Seperti apa yang terjadi di Solo, Jawa Tengah. Solo seolah menjadi area pertempuran sebelum perang yang sebenarnya terjadi.
Advertisement
Jumat 11 Januari 2019, Badan Pemenangan Nasional (BPN) Prabowo-Sandiaga meresmikan markas mereka di Solo. Kantor pusat BPN itu terletak di Jalan Letjen Suprapto 53 A, Sumber, Banjarsari, Solo. Lokasi yang hanya berjarak 500 meter dari kediaman pribadi Joko Widodo atau Jokowi.
Kehadiran markas ini disebut-sebut mengusik 'kandang banteng' yang menaungi Jokowi. Selama ini, Jawa Tengah memang lumbung suara terbesar PDIP dan Jokowi.
Jika menengok hasil Pemilu 2014, PDIP meraih suara teratas di Jawa Tengah, sebanyak 4.295.605 suara. Begitu pula dengan Jokowi yang meraup 12.959.540 pada Pemilu 2014. Sementara Prabowo yang kala itu berpasangan dengan Hatta Rajasa hanya 6.485.720.

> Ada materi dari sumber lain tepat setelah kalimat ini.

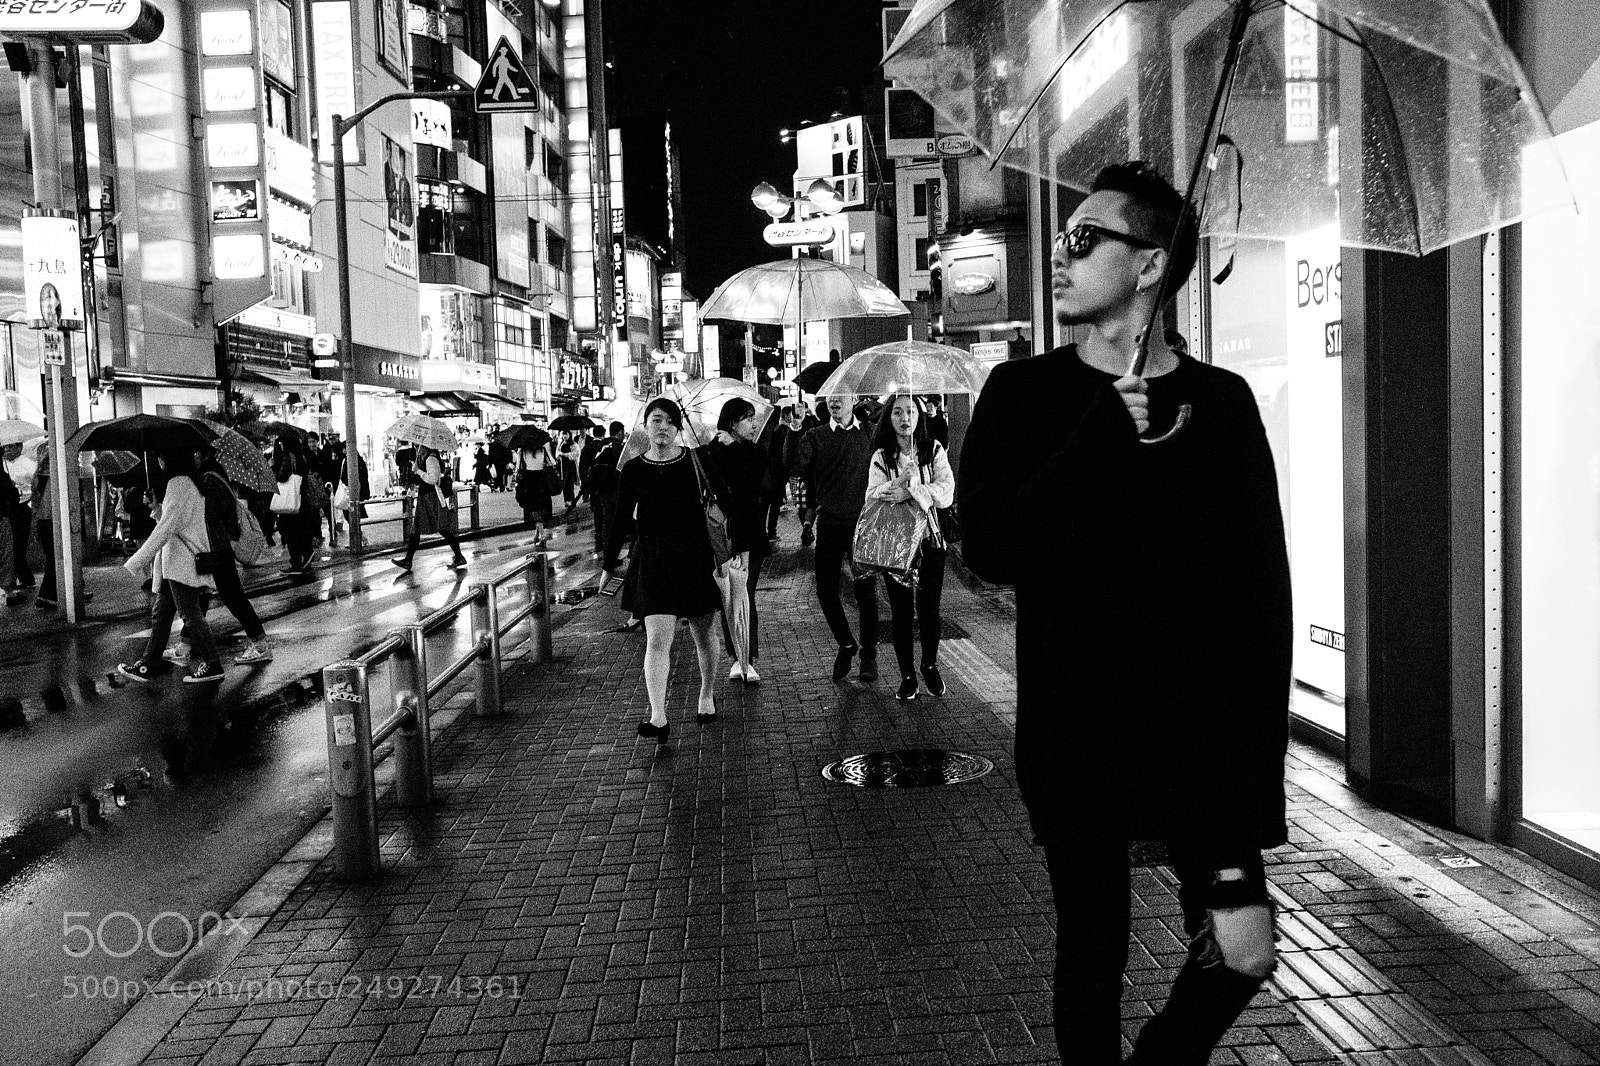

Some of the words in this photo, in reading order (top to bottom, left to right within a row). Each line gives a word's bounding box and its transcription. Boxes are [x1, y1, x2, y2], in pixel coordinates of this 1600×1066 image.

[0, 0, 126, 14] 谷センター街
[321, 16, 346, 62] TAX

Juru Bicara BPN Prabowo-Sandi, Ferry Juliantono pernah memaparkan alasan membuka markas di wilayah tersebut pada Pilpres 2019.
"Pertama provinsi Jawa Tengah merupakan salah satu provinsi yang pemilihnya besar, kemudian kedua kalau melihat Pilpres 2014 itu pasangan Prabowo-Hatta kan kalah banyak di sana, ketiga provinsi Jawa Tengah memiliki tingkat keunikan dan tingkat kesulitan tersendiri," kata Ferry saat dihubungi Merdeka, Selasa 11 Desember 2018.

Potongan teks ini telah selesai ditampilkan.